If you are considering purchasing a hearing aid, or you are a new hearing aid wearer, all the information can be daunting and overwhelming! There are a lot of things to remember, but wearing and taking care of a hearing aid does not have to be complicated. That said, there are a few things you should keep in mind when caring for the hearing aid, as well as a few supplies that are helpful to keep on hand.
Cleaning the hearing aid
You will want to clean your hearing aid every morning before you put it into the ear. The reason I recommend cleaning it in the morning versus the night before is that w
hen you take it out of your ear the night before, if there is wax on it or in it, the wax will still be warm and soft and sticky. If you wait to clean it in the morning, the wax will be dried and will flake out much more easily. Your hearing aid should come with a little brush or loop tool similar to the image on the right.
Use the loop end to gently clean the part of the hearing aid that goes down into your ear canal, then use the brush to brush the picked wax off of the aid. Ask your hearing healthcare professional to show you the best way to clean your instrument.

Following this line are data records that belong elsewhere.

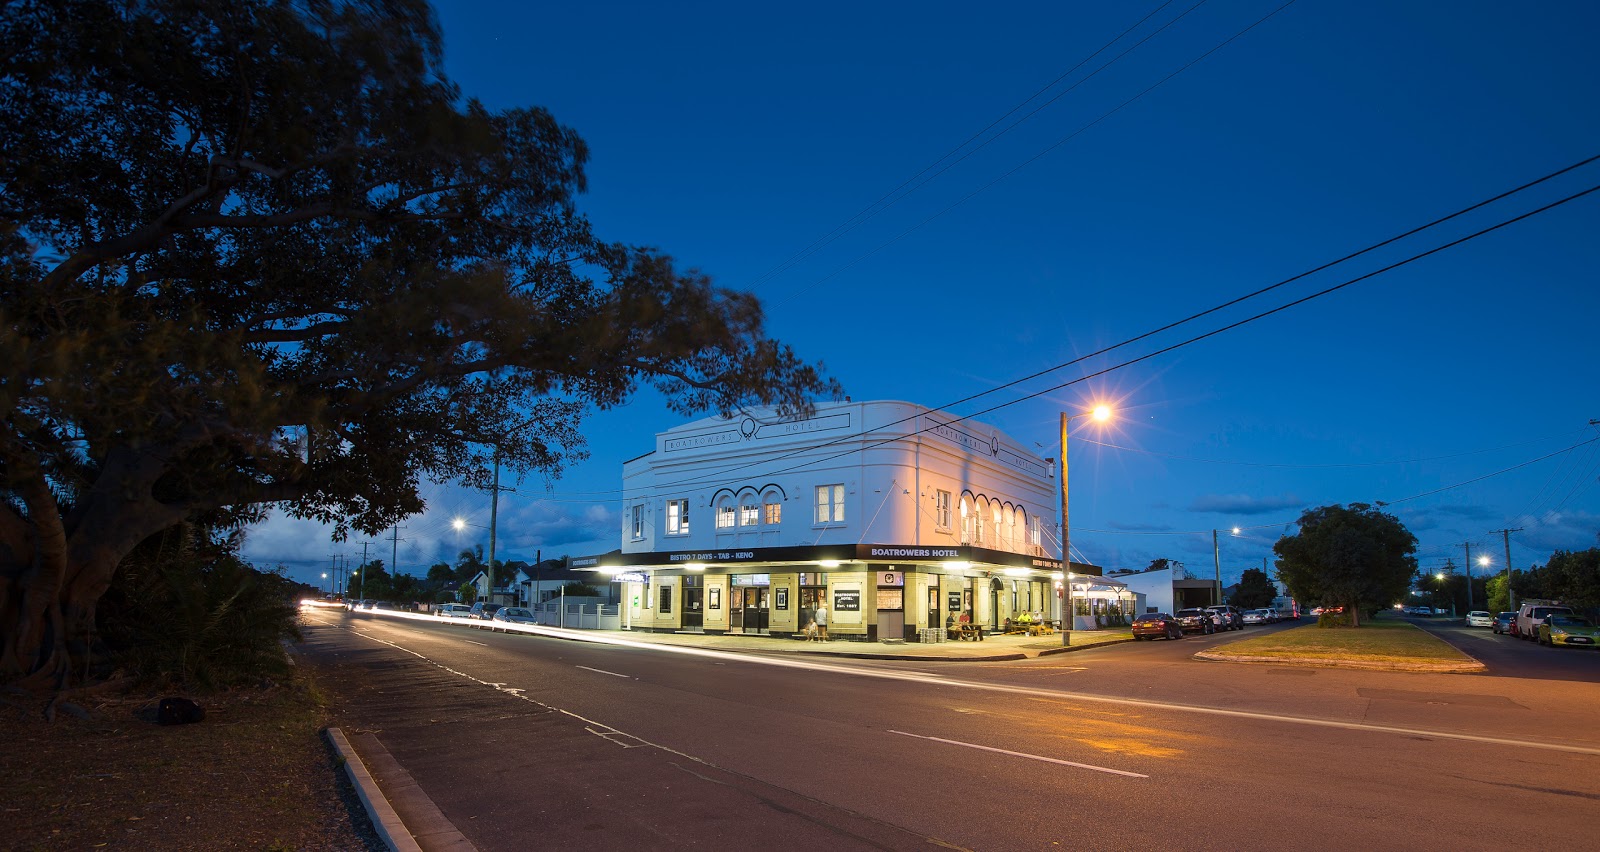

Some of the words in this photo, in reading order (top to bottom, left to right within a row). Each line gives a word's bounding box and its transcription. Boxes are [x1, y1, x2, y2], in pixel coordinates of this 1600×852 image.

[670, 433, 732, 449] BOATROWERS
[785, 421, 821, 433] HOTEL
[718, 552, 730, 560] TAB
[735, 551, 754, 559] KENO
[871, 548, 930, 557] BOATROWERS
[932, 549, 959, 557] HOTEL

Sanitizing the hearing aid
For those of us who live in hot or humid climates, it can be important to clean and sanitize the instruments regularly. DO NOT USE ALCOHOL OR ANTIBACTERIAL WIPES ON YOUR HEARING AIDS. The chemicals from these products are too harsh and can damage the casing on the aids. You do have the option to purchase some disinfecting wipes such as these. Using our disinfecting wipes made especially for hearing aid material will help keep your hearing aid from developing a musty smell and will also prevent the spread of germs and bacteria. Earwax can carry bacteria and diseases, not to mention fungus that can grow in the ear. Using a disinfecting wipe on the aids every day helps prevent the spread of this.
Removing moisture from the hearing aid
One of the biggest culprits of a dead hearing aid is humidity and moisture. Moisture gets into the tubing and the circuitry of the hearing aids and can block sound from getting through or can corrode and damage the innards of the aids. One helpful way to prevent this from occurring is by placing the hearing aids in a dehumidifier at night while you sleep. There are several options out there, as far as dehumidifiers go. We offer a Dehumidifier jar for $10. A desiccant inside the jar can be reheated in a microwave or oven to be reactivated when several months have passed, so this is an economical solution. There are electric dry and store humidifiers that will run you $150-300, but not everyone’s budget can afford that.
While there is a lot to remember about caring for a hearing aid, it can be a relatively simple and easy process. With just a few of the right tools, your hearing aid maintenance will be simple and effective.